* _Task brief_
Set every entry below down once more, exactly as it stands, without images.

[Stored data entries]
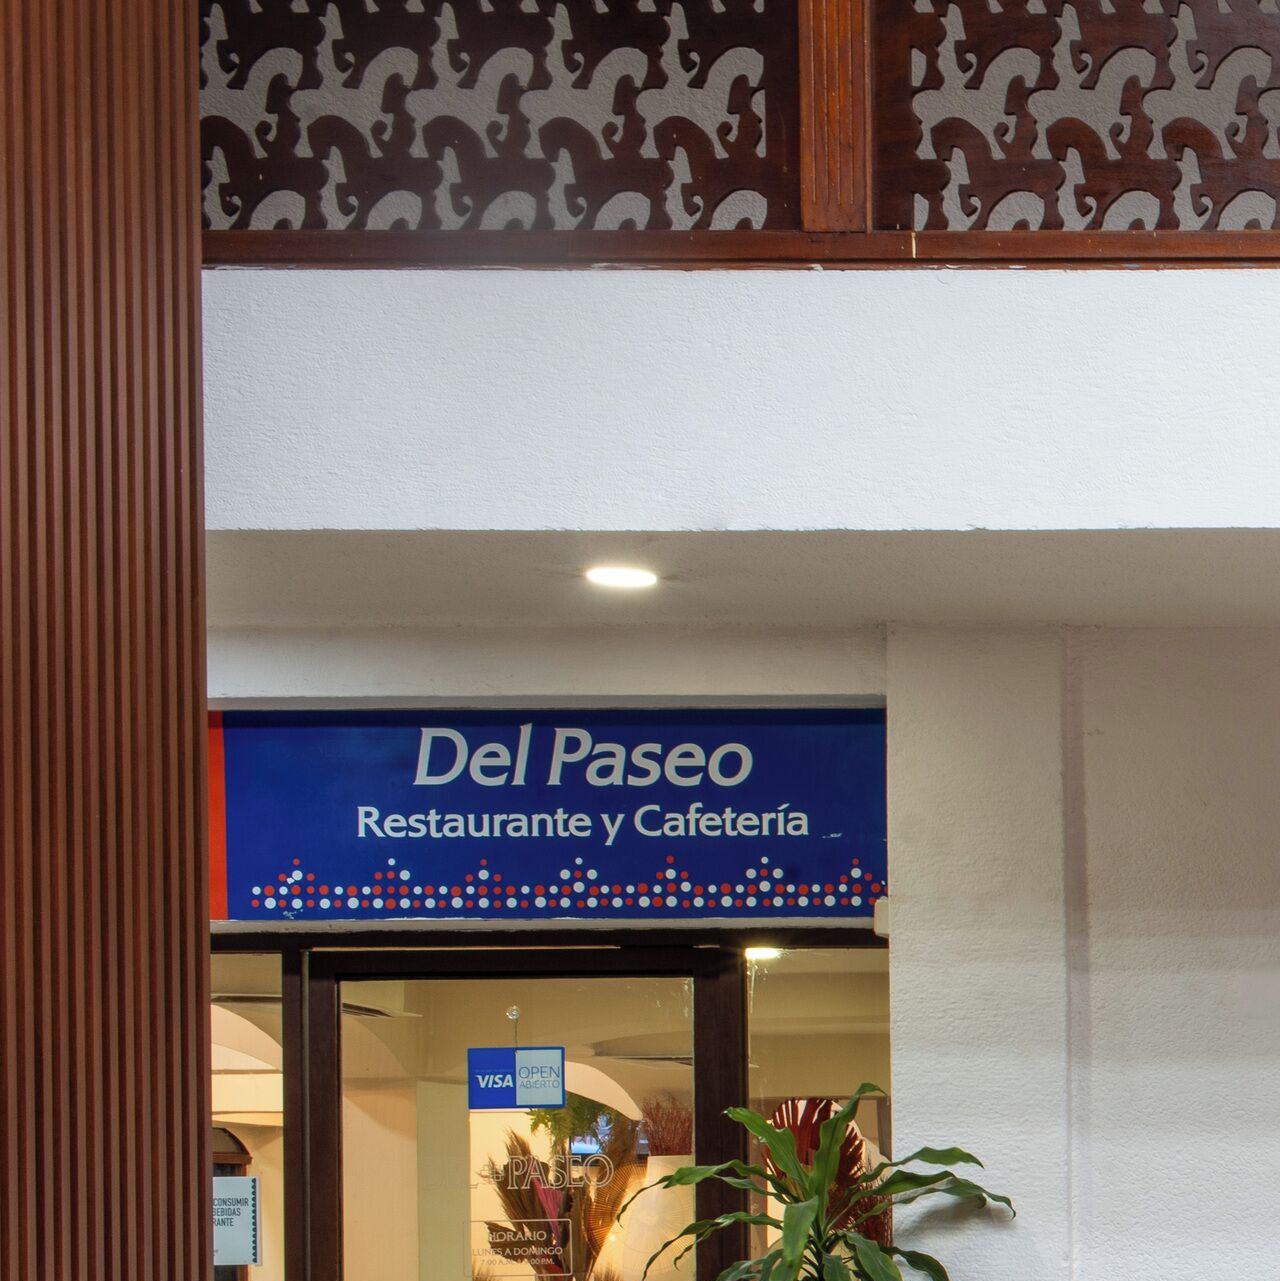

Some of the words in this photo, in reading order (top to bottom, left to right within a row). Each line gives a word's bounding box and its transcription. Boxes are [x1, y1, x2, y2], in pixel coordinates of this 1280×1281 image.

[412, 722, 533, 787] Del
[546, 726, 754, 788] Paseo
[356, 805, 592, 839] Restaurante
[599, 811, 624, 846] y
[633, 802, 810, 838] Cafetería
[518, 1066, 560, 1079] OPEN
[475, 1074, 514, 1089] VISA
[518, 1079, 560, 1089] ABIERTO
[507, 1153, 615, 1190] PASEO
[213, 1198, 249, 1207] CONSUMIR
[213, 1207, 242, 1217] BEBIDAS
[488, 1230, 547, 1242] HORARIO
[472, 1247, 503, 1257] LUNES
[504, 1248, 512, 1256] A
[513, 1246, 564, 1256] DOMINGO
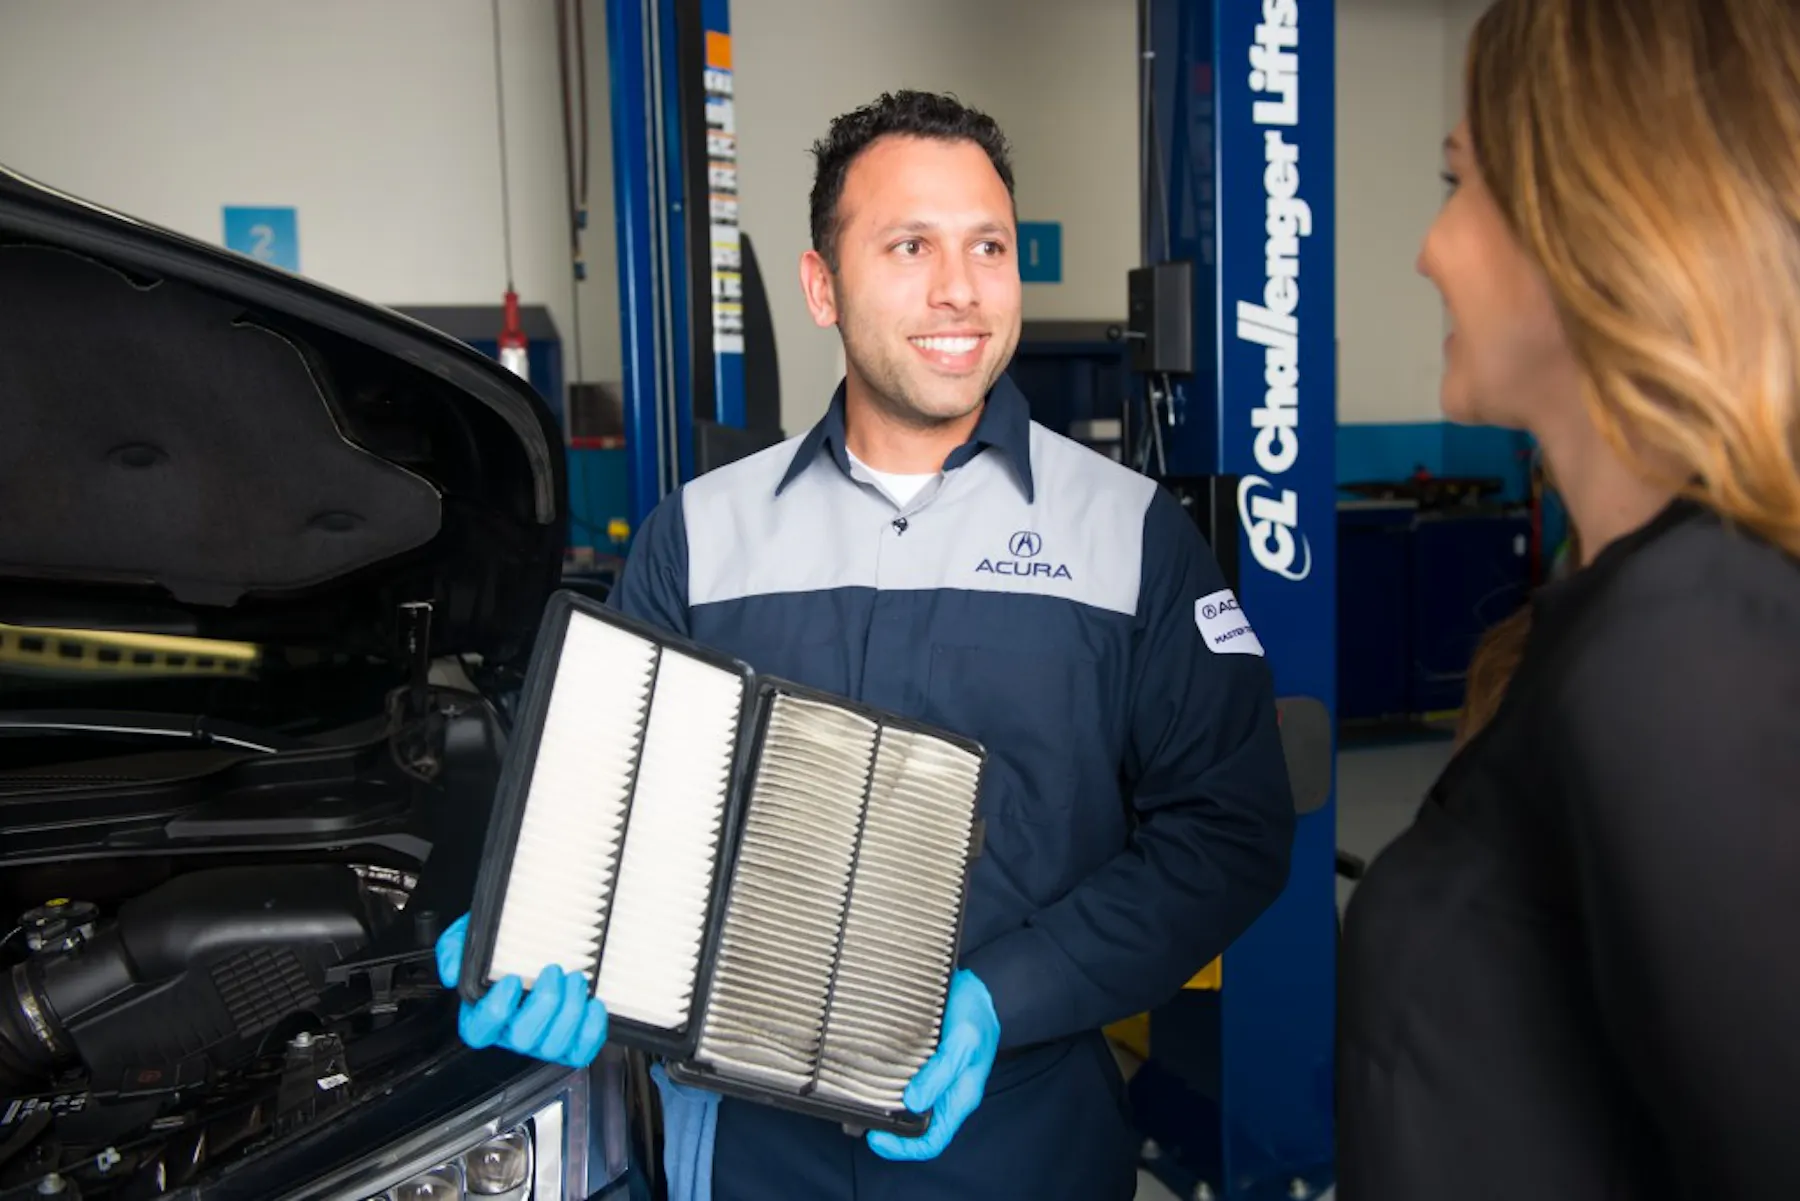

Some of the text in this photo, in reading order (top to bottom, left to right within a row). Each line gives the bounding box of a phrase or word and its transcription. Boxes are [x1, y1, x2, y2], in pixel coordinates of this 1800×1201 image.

[1248, 0, 1299, 126] Lifts
[249, 223, 276, 261] 2
[1237, 130, 1312, 473] Challenger
[975, 557, 1073, 581] ACURA

* _Exercise solution_
Some of the words in this photo, in reading order (top to bottom, left to right within a row). Each line gives a word's bounding box and its transcription. Boxes are [x1, y1, x2, y2], in pixel coordinates of this 1280×1281 image.

[412, 722, 533, 787] Del
[546, 726, 754, 788] Paseo
[356, 805, 592, 839] Restaurante
[599, 811, 624, 846] y
[633, 802, 810, 838] Cafetería
[518, 1066, 560, 1079] OPEN
[475, 1074, 514, 1089] VISA
[518, 1079, 560, 1089] ABIERTO
[507, 1153, 615, 1190] PASEO
[213, 1198, 249, 1207] CONSUMIR
[213, 1207, 242, 1217] BEBIDAS
[488, 1230, 547, 1242] HORARIO
[472, 1247, 503, 1257] LUNES
[504, 1248, 512, 1256] A
[513, 1246, 564, 1256] DOMINGO

Some of the text in this photo, in reading order (top to bottom, left to right within a row). Each line gives the bounding box of a phrase or word and its transcription. Boxes are [x1, y1, x2, y2], in pixel coordinates of this 1800×1201 image.

[1248, 0, 1299, 126] Lifts
[249, 223, 276, 261] 2
[1237, 130, 1312, 473] Challenger
[975, 557, 1073, 581] ACURA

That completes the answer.